_Work instructions_.
Every entry below should be repeated exactly; the pictures should not.

_Given records_.
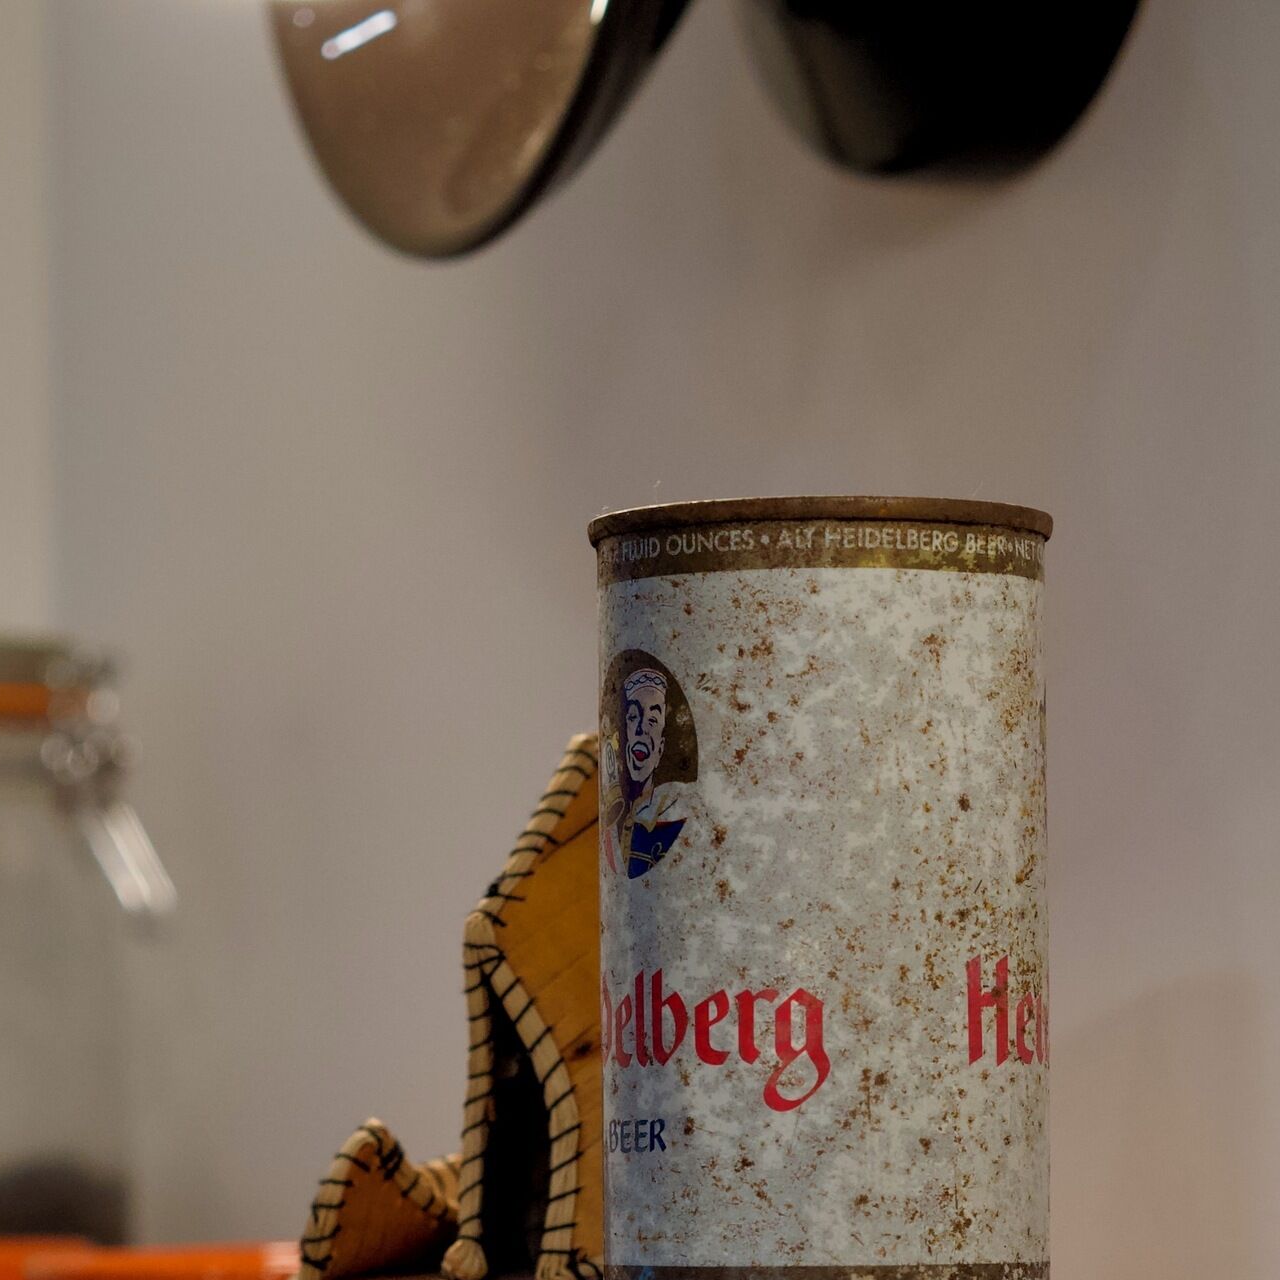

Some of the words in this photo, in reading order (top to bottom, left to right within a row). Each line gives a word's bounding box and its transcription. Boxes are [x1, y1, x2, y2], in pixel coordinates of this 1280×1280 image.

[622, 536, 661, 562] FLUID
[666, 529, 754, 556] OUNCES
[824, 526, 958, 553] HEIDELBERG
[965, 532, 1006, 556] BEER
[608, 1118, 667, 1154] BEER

_Answer to this task_.
Some of the words in this photo, in reading order (top to bottom, left to right within a row). Each line gives a word's bounding box and its transcription. Boxes are [x1, y1, x2, y2], in pixel coordinates of this 1280×1280 image.

[622, 536, 661, 562] FLUID
[666, 529, 754, 556] OUNCES
[824, 526, 958, 553] HEIDELBERG
[965, 532, 1006, 556] BEER
[608, 1118, 667, 1154] BEER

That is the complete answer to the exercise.